The traditional rite of passage for the senior set is familiar to many: retirement followed by a move to Florida or Arizona, Queensland’s Sunshine Coast or perhaps Spain’s Costa del Sol, for a life of pool lounging and early-bird specials.
Today’s older adults are very different from their prior generations. It’s not all about playing golf and warm weather.
Today’s retirees, however, are looking for more substance. Thanks to emerging technology—including medical advancements that help people stay healthy longer into old age—retirees are looking for new ways to spend their twilight years.
“I can definitively say that the idea of a traditional retirement community does not hold the same appeal for baby boomers that it did to the generation before,” says Mark Hager, founder and CEO of AgeInPlace.com.
“Today’s older adults are very different from their prior generations,” adds Anusuya Chatterjee, managing economist at the Milken Institute. “It’s not all about playing golf and warm weather. They are seeking out [places] that have quality healthcare, an active lifestyle, opportunity for intellectual stimulation and easy access to amenities.”
This shift in thinking—and its impact on housing—will continue to evolve as the number of seniors grows in the years ahead. According to the Harvard Joint Center for Housing Studies, the population of Americans aged 65 to 74 will rise from 21.7 million in 2010 to 38.6 million in 2030. That’s a whopping 78 percent increase.
Now add in the flood of retirees from other nations around the world. Where will they all live?
Home Alone for Seniors
One retirement trend that has become popular in recent years is “Aging in Place,” which the U.S. Centers for Disease Control defines as “the ability to live in one’s own home and community safely, independently and comfortably, regardless of age, income, or ability level.”
By “aging in place,” seniors can maintain their current lifestyle and even find part-time jobs to supplement or extend their retirement dollars. Plus, they can make an impact in a community instead of leaving for an institutionalized resort life. College towns and medium-sized cities such as Ashville, N.C., and San Diego have become popular destinations for American retirees to settle down.
“Retirees want to live in a vibrant economy that provides them and their children and grandchildren with job opportunities and entrepreneurial activities and volunteerism,” says Chatterjee.
Aging in place has become a good option for younger retirees.
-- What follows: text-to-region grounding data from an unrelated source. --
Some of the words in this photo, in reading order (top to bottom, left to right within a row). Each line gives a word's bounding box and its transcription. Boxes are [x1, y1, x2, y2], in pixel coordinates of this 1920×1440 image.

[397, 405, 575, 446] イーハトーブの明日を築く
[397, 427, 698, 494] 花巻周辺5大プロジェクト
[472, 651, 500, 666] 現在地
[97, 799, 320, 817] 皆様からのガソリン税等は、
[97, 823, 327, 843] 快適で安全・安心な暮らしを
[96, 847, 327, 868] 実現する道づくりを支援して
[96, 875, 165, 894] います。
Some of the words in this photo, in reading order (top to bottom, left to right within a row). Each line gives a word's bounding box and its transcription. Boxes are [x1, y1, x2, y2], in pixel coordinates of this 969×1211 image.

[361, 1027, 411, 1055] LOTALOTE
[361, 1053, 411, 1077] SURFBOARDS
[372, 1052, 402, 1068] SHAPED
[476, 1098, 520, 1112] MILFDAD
However, when people reach their 80s, their self-sufficient lifestyle often gets complicated as declining health requires formal care and routine activities such as driving become difficult.
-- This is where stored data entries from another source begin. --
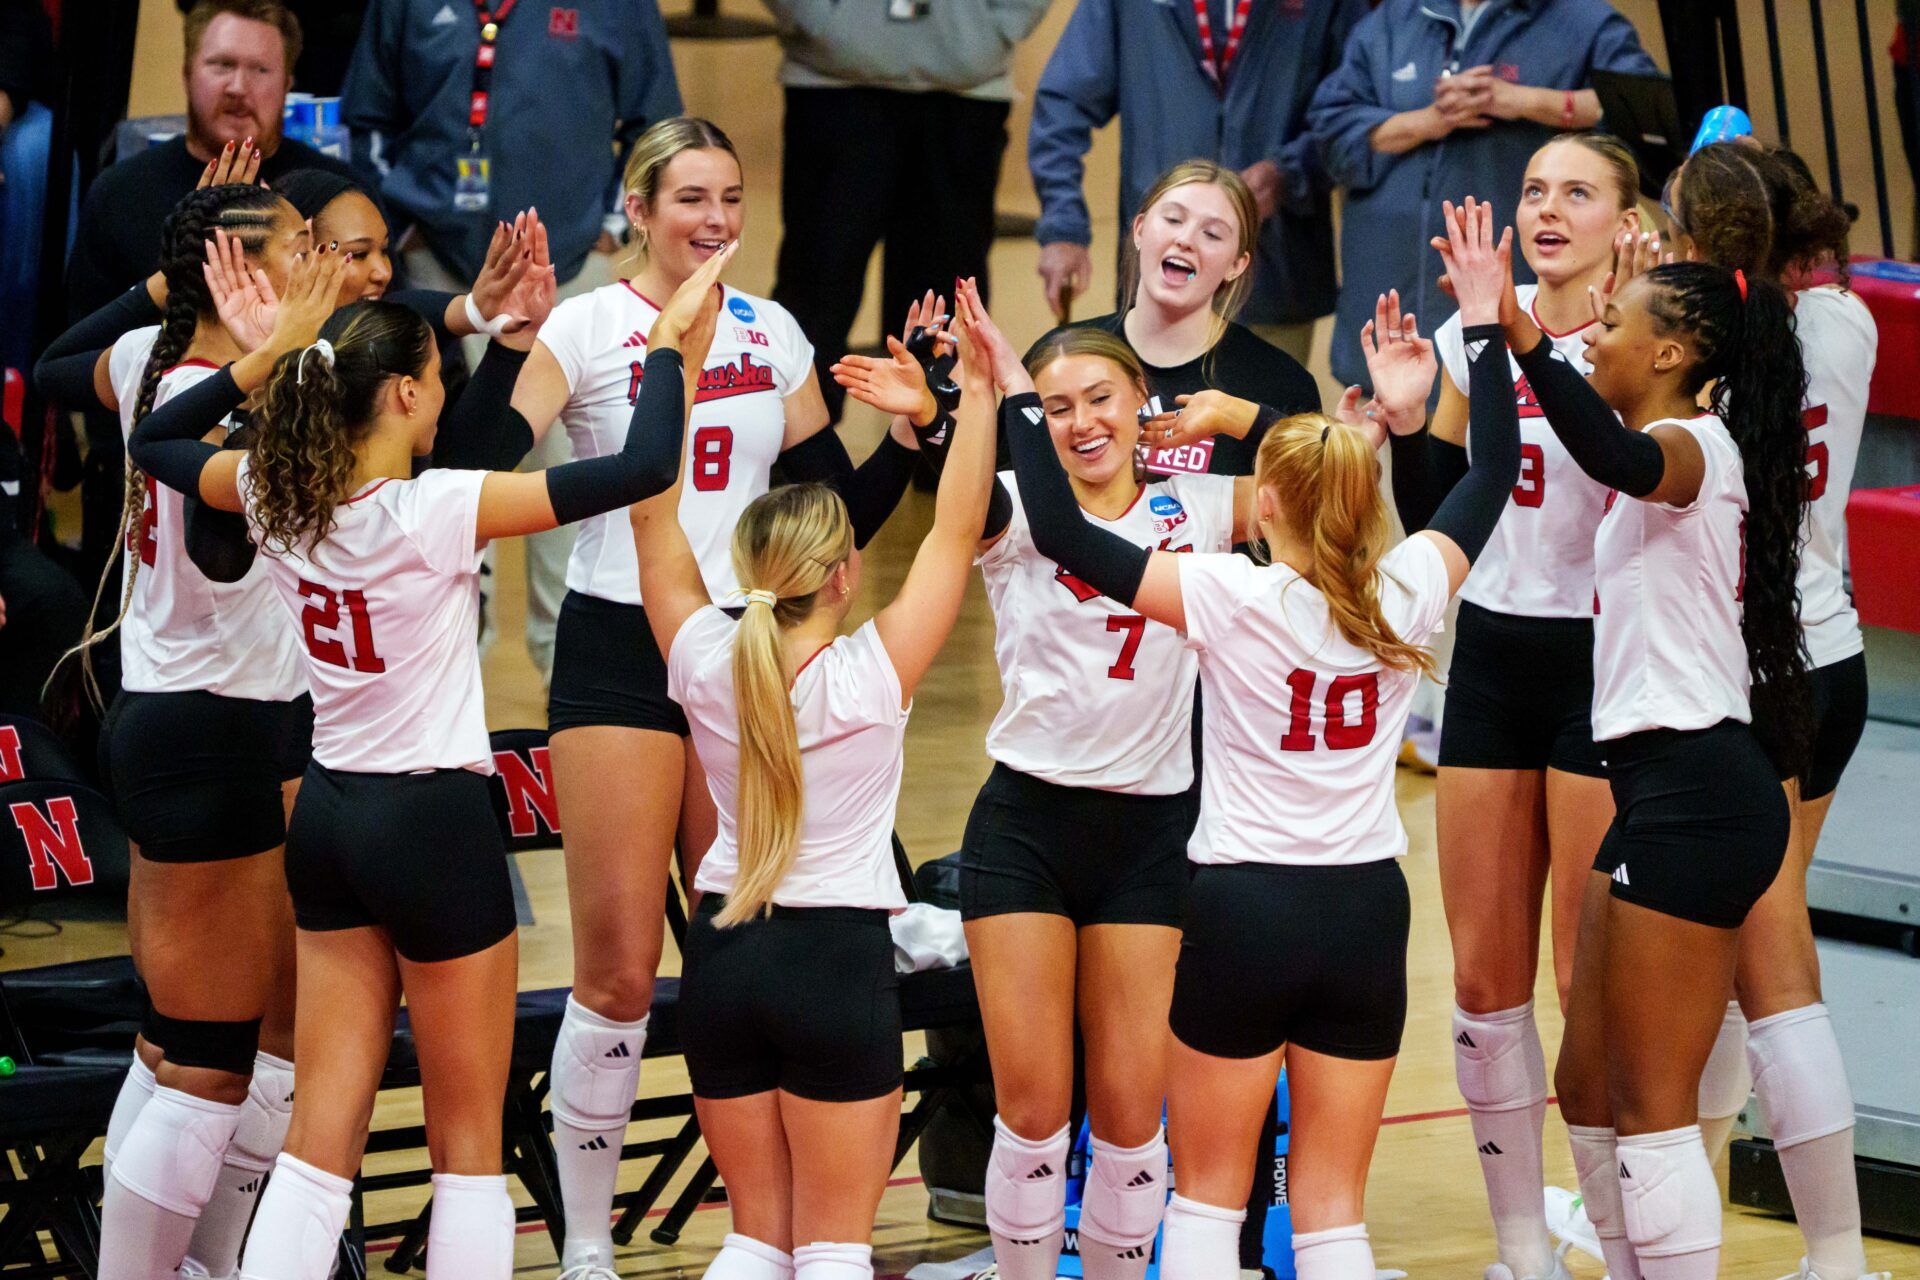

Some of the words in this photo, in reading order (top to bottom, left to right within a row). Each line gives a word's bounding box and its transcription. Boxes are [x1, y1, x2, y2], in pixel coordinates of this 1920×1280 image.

[693, 425, 734, 491] 8
[1156, 445, 1207, 471] RED
[298, 577, 386, 673] 21
[1106, 614, 1147, 681] 7
[1280, 667, 1380, 751] 10
[492, 747, 561, 837] N
[9, 796, 94, 891] N
“What we need is more multi-generational housing and more mixed-use redevelopment, where older people can live with their younger counterparts while getting support that they need from the community,” says Hager.
That’s the idea behind cohousing communities, which mix people of different generations in developments. The goal is to build an organic ecosystem whereby younger, able-bodied people can voluntarily assist seniors by running errands for them, providing medical assistance and serving as a social network. Cohousing has been attempted in various locales in the U.S. since the 1980s, but it has grown in popularity recently thanks to the unique needs of Boomers.
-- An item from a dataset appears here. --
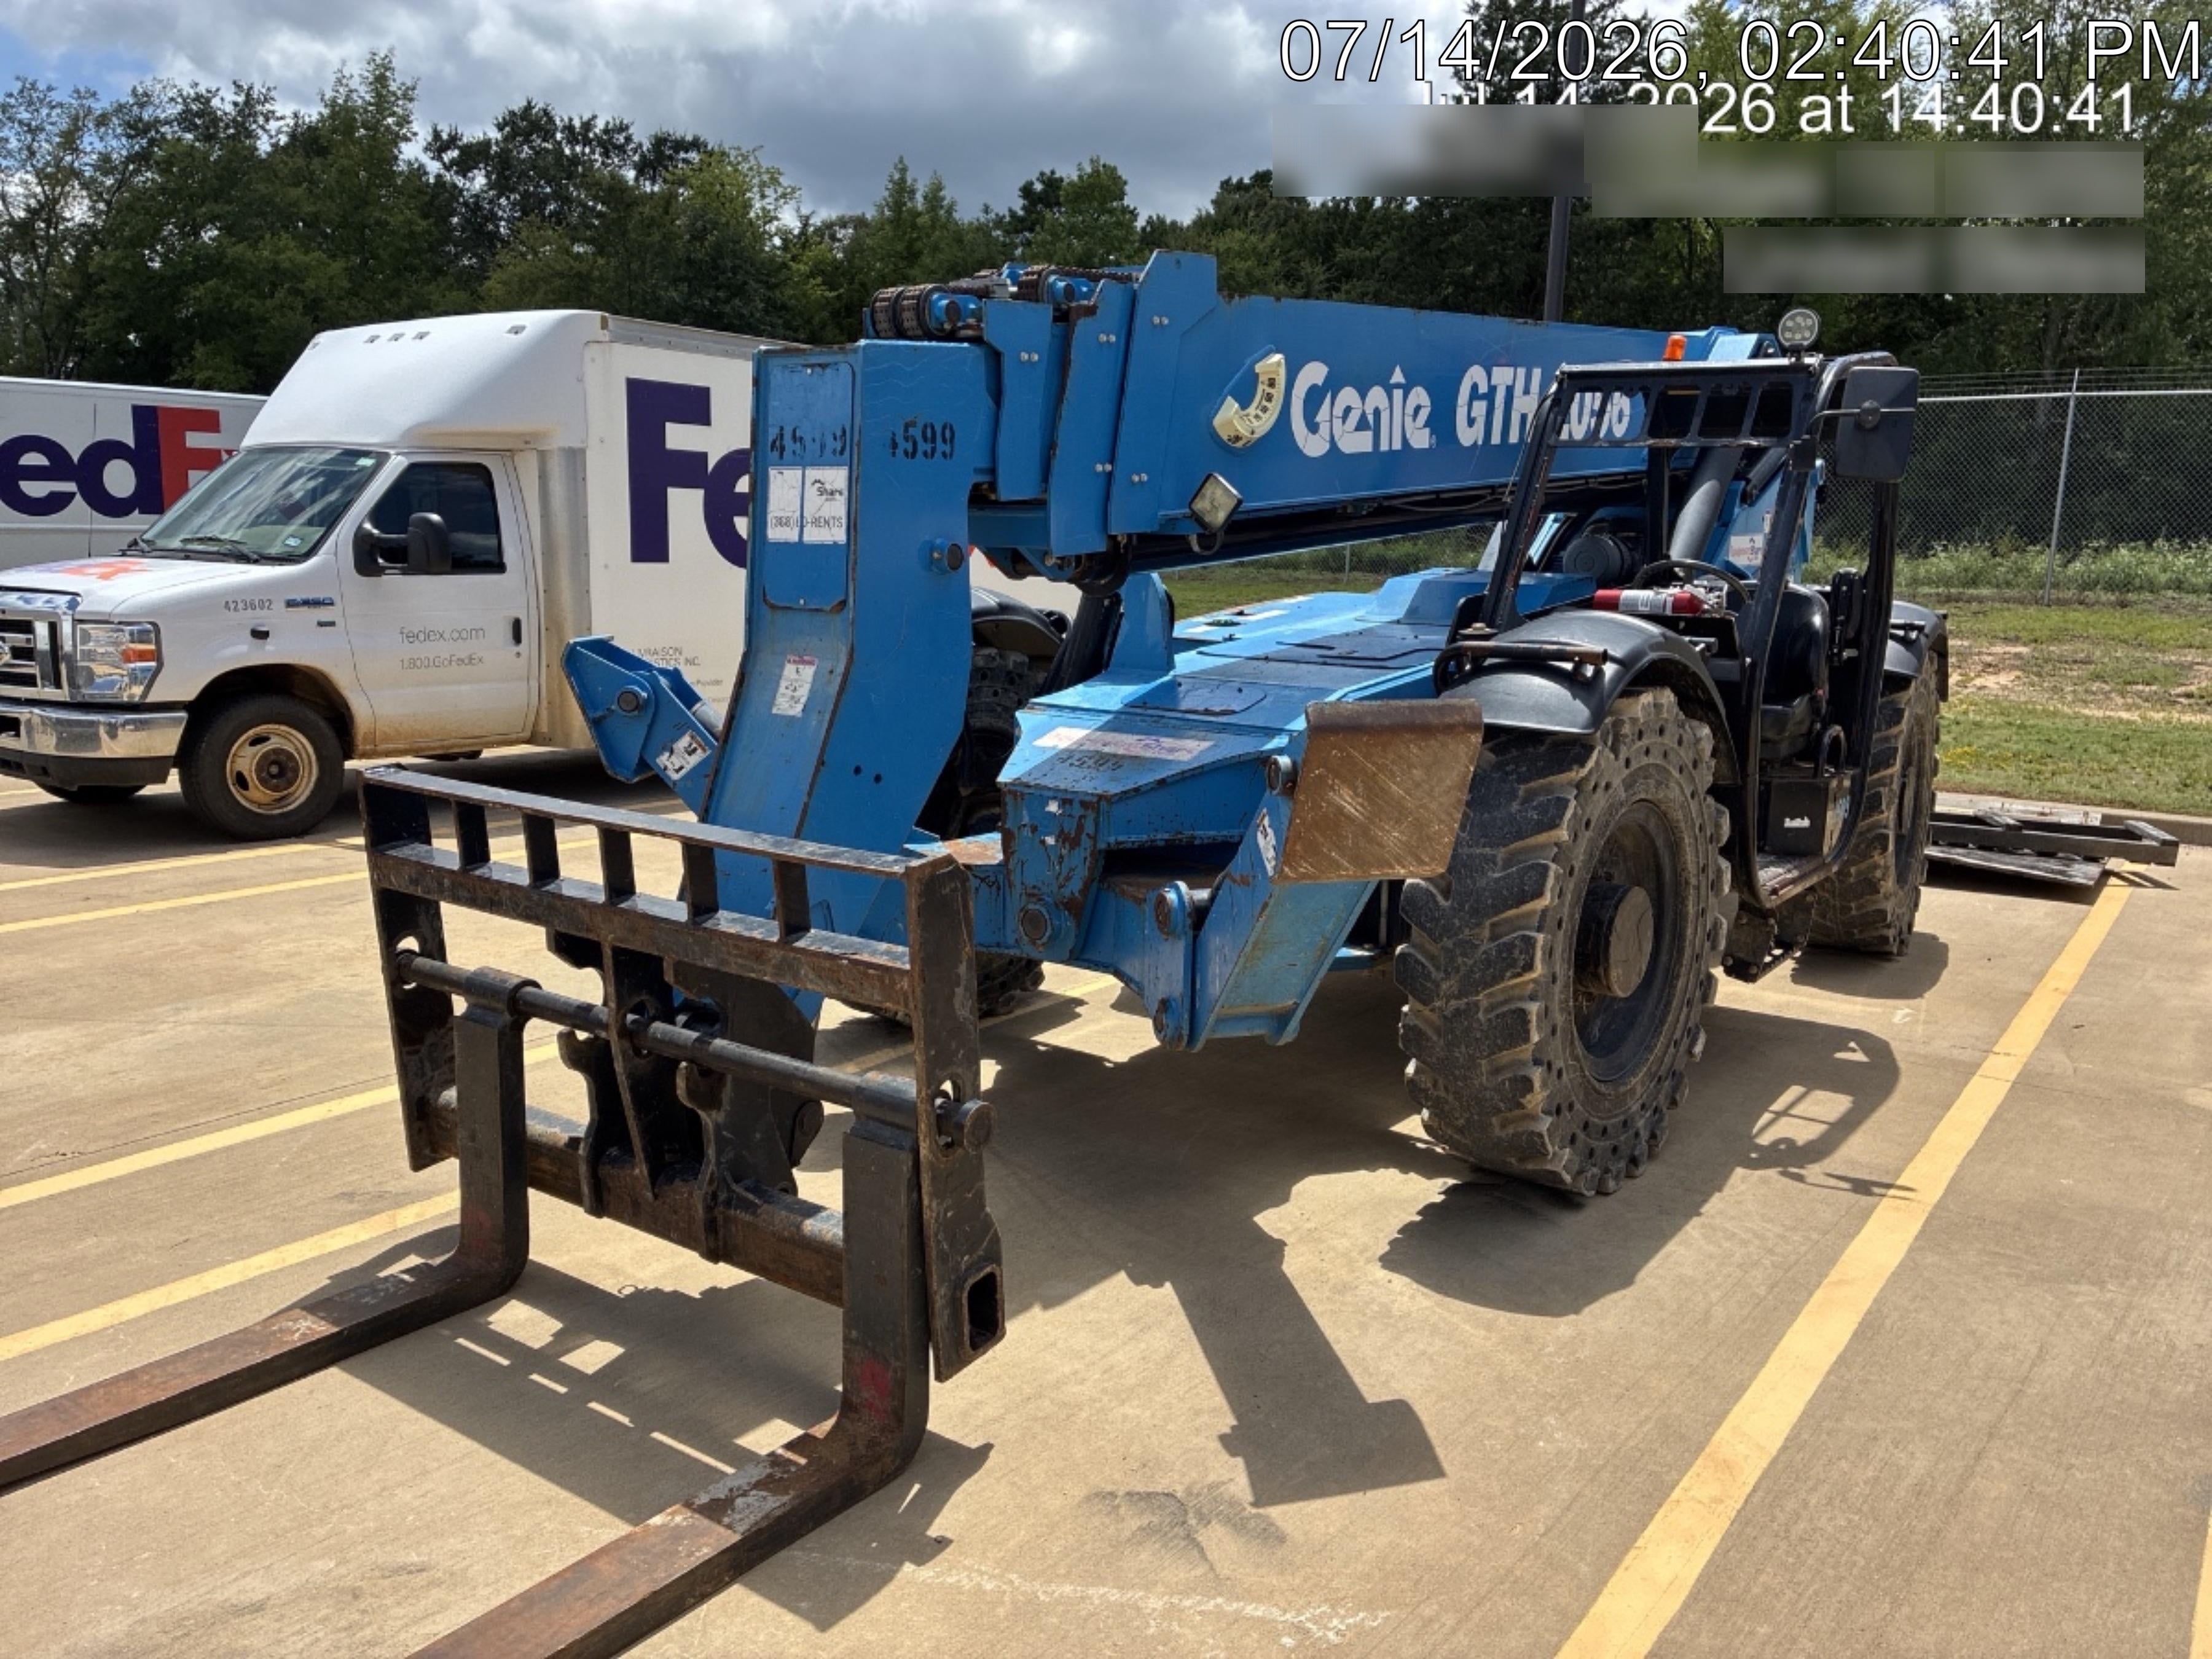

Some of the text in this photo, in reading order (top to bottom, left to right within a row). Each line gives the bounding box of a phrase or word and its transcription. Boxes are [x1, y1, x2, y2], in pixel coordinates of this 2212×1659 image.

[1291, 360, 1432, 458] Genie
[224, 598, 273, 613] 423602
[399, 626, 485, 644] fedex.com
There’s another key factor that is impacting the housing decisions of boomers: financial concerns. Many seniors were hit hard by the economic collapse of 2008, which wreaked havoc on mutual fund, retirement and real estate investments. The effects of the recession have made seniors more cautious in their spending habits.
We will probably continue to see a lot of them downsizing or ‘right-sizing’—simplifying their lifestyle to have less clutter, less to manage.
Now that the economy has improved, some retirees are selling their homes and moving to smaller accommodations. “Those in suburban areas are in a good position to sell that larger home and get something that fits their lifestyle,” says Hager. “We will probably continue to see a lot of them downsizing or ‘right-sizing’—simplifying their lifestyle to have less clutter, less to manage.”
Chatterjee predicts many communities will be redesigned over the next 10 to 15 years to better integrate seniors with younger generations. That means initiatives such as virtual villages—in which seniors pay yearly fees to access resources that help them age in place—will be further refined. “The future communities for all ages would include opportunities for economic strength, quality healthcare, an active lifestyle, intellectual stimulation and connectivity and easy access to amenities,” says Chatterjee.
Hager believes developers will build more mixed-generation communities that better cater to the modern senior. However, it may take many years for them to fully take shape. Until then, boomers will try to make the best out of their available options.
“A few developers will get a good concept for a retirement community, and some consumers will choose that,” he says. “But overall, most seniors will stay where they are because they want to. Or, because they feel like they have to.”